New York isn’t alone. Across the US, a genuine patchwork of restrictions has sprung up: Arizona now requires data centres to cover their own grid costs rather than passing them on to other electricity customers. Virginia has towns that have permanently banned new data centre construction outright. Michigan has 27 towns and cities with moratoriums in place. A small town near Milwaukee, Wisconsin, became the first in the country to ban data centres via a public referendum. According to Data Center Watch, a group tracking this opposition, 75 data centre projects worth a combined $130 billion were stopped or delayed in just the first quarter of this year alone – roughly matching the total for all of 2025.
The backlash comes down to two main resources: electricity and water.
Power: Large data centres, particularly those built for AI, consume enormous amounts of electricity – some hyperscale facilities use as much power as a small city. Australia’s own national science agency has noted that if data centres were counted as a country, they would rank as the second-largest destination for gas turbine orders in the world over the past year, reflecting just how much new power generation is being built specifically to feed them. That surge in demand risks pushing up electricity prices for everyone else on the grid, which is precisely the fear driving much of the US opposition.
Water: Data centres also require significant water for cooling their servers, which run hot enough that overheating would damage the equipment without it.

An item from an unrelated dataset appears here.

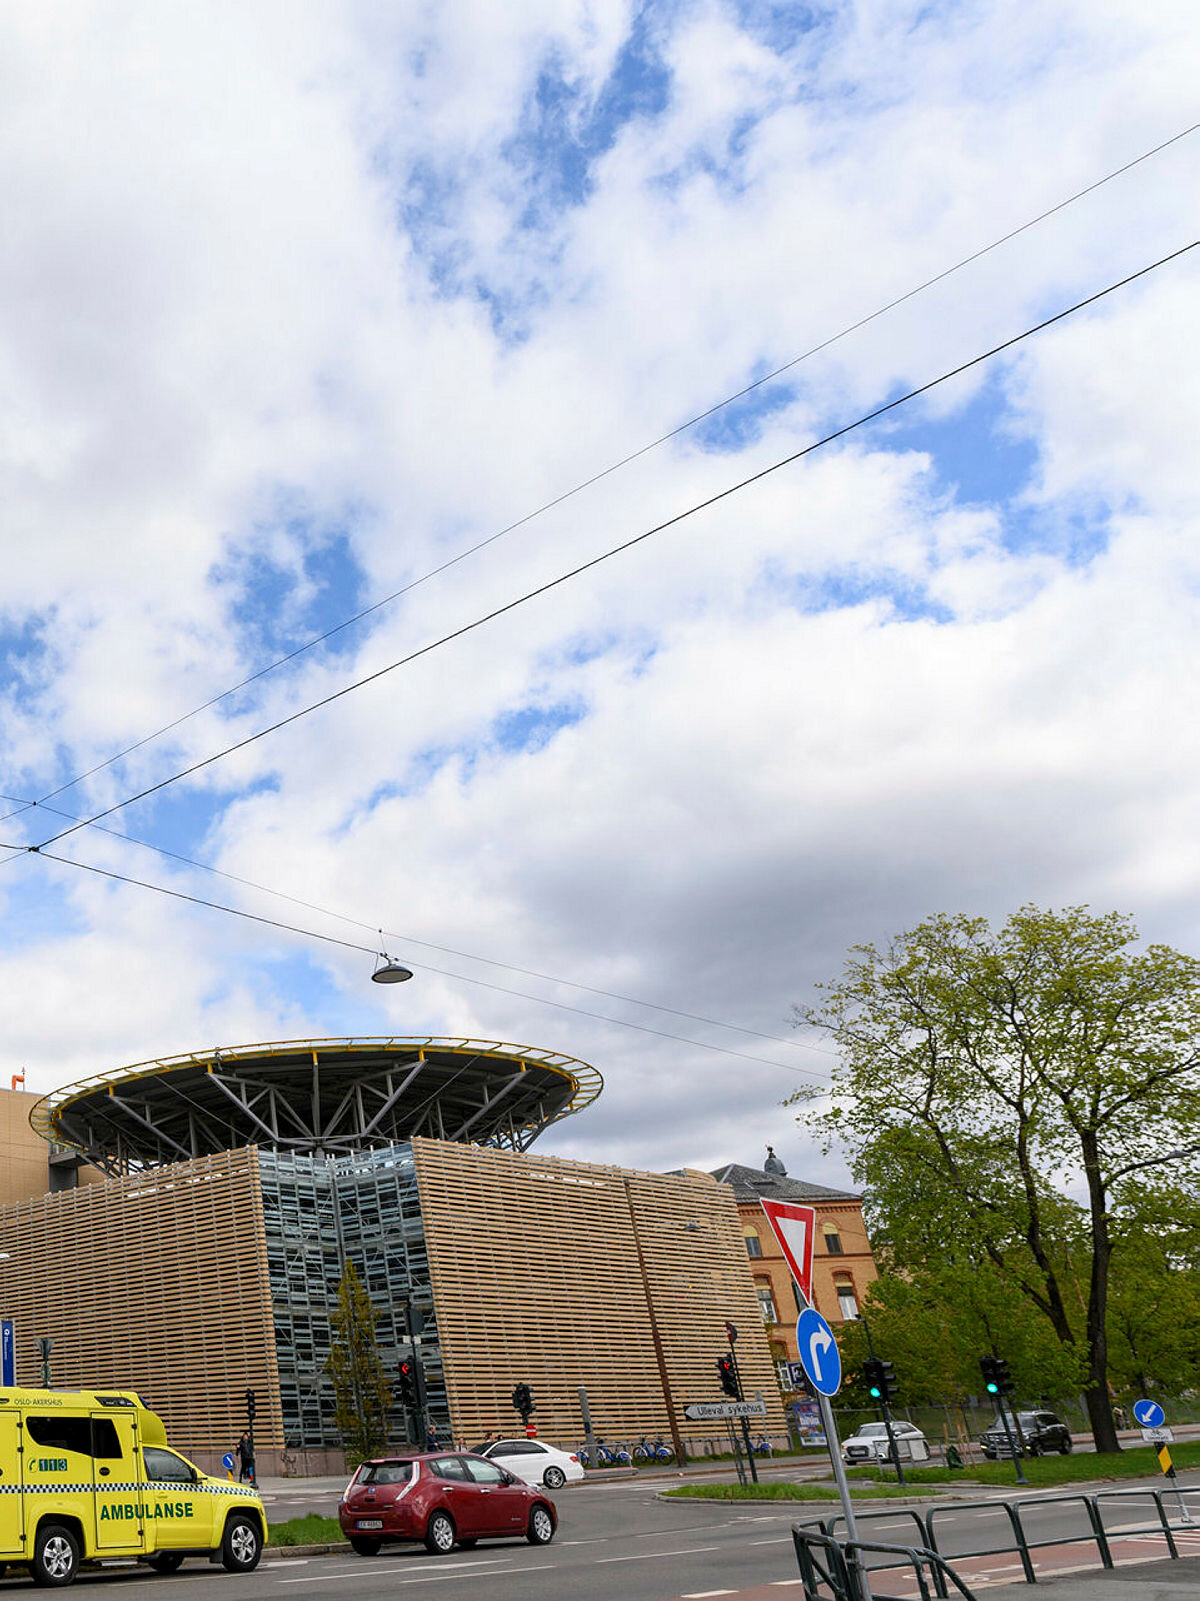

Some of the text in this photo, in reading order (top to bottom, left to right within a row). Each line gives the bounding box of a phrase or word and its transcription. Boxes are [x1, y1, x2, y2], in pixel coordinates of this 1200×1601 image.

[727, 1404, 763, 1415] sykehus
[40, 1459, 67, 1471] 113
[100, 1502, 194, 1520] AMBULANSE

In water-stressed regions particularly, this has become a genuine flashpoint between tech companies and local communities.

This is exactly the territory Anthony Albanese stepped into on Wednesday, in a major speech in Sydney titled “AI in Australia’s Interests.” Comparing AI’s likely impact on society to that of commercial air travel a century ago, the Prime Minister announced Australia will introduce mandatory national standards for AI and data centres, with legislation expected by early 2027.
Under the proposed rules, large data centre operators would be legally required to underwrite new energy generation – meaning they’d need to help fund new power supply rather than simply drawing on the existing grid – and to put at least as much energy back into the grid as they take out of it. They would also be required to pay their full share of the costs of connecting to the grid, be as water-efficient as possible, and reduce their power use when the broader electricity network is under strain. The goal, according to the government, is to stop the enormous appetite of data centres for power and water flowing through into higher household electricity bills.
Albanese also announced a new “Office of AI” will be established within his own department, replacing what he described as a piecemeal, “issue-by-issue, sector by sector” approach with a single, whole-of-government strategy. He’ll meet with state and territory leaders next month to work through the details before legislation is introduced next year.
The Greens have called for the government to go further, pushing for an outright moratorium on new data centre construction until the new laws are actually in place – a considerably stronger stance than the government’s current approach, though one that echoes exactly the kind of moratoriums already in place across parts of the United States.
Data centres are the invisible backbone of virtually everything we now do online, and the AI boom has turned their construction into a genuinely significant national conversation, not just a niche technical issue. Australia now finds itself trying to strike the same balance the United States has been publicly wrestling with for the past year: welcoming the economic opportunity these facilities bring, without letting everyday households foot the bill through higher power prices or strained water supplies. Expect this to remain a live political issue well into 2027, as the government’s promised legislation takes shape.